Good read. I think it was a Harry Harrison book (probably a Stainless Steel Rat one) where a scientist had to clone himself and transfer his mind into another body, or something along those lines. I was only little when I read it, but I remember him viewing it as though he were killing himself because although a consciousness just like his would continue to exist, he had to terminate that one that was in the present there and then.

The only possibility a computer upload would have that I can see is that it would mimic perfectly the connections of our brain and the workings thereof, creating another likeness of ourselves.
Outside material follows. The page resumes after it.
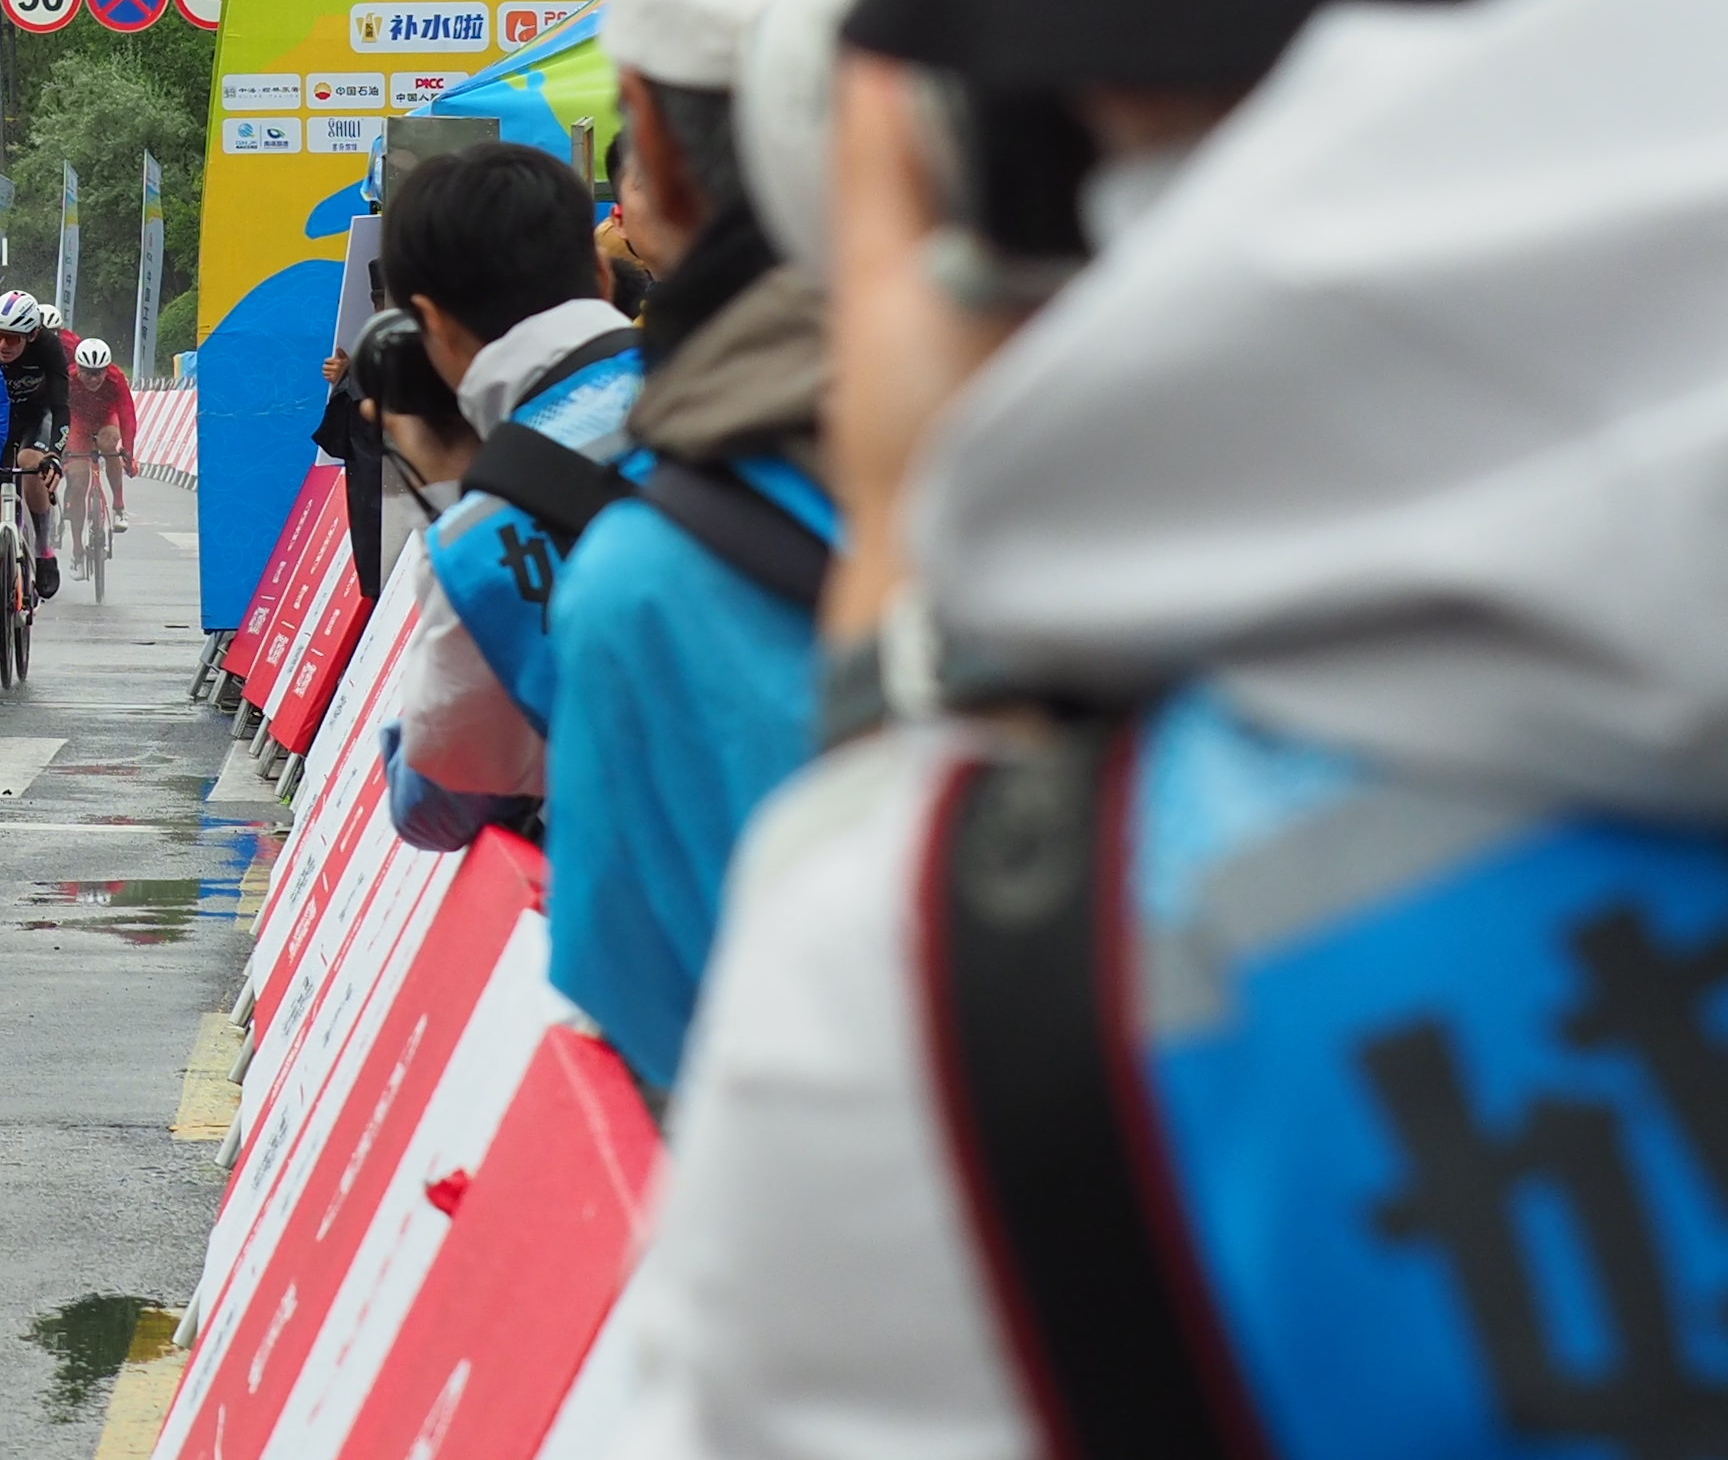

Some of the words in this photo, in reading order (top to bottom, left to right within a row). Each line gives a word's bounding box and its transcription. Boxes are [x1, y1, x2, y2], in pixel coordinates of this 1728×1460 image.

Having a duplicate of my consciousness would be of no assurance to me knowing that the consciousness I currently had would cease, it would still be death ;-)

However, were we able to find what defined that consciousness and being, the soul, and somehow transfer that... that would be mindblowing in the extreme and for all the good it could do with the minds we could save, it could be even more terrible in the hands of terrorists.

As regards increasing our current life spans, there are two options that would need to be explored. First would be expansion. We will consume the planet's resources to such a point that we would fail and the planet would continue, so expansion to other planets would become a necessity. The other option would be to slow our rate of birth. Zecharia Sitchin believes that the ancient gods came to earth from another planet in the solar system and that they had - by our standards - extraorindarily long lives. However, it also meant that they conceived far less than we did and their growth took a great deal longer. I don't see this being an option any would choose to implement or even research, but it does generally seem in nature that those creatures that live longer reproduce slower.

Enjoyed this post ;-)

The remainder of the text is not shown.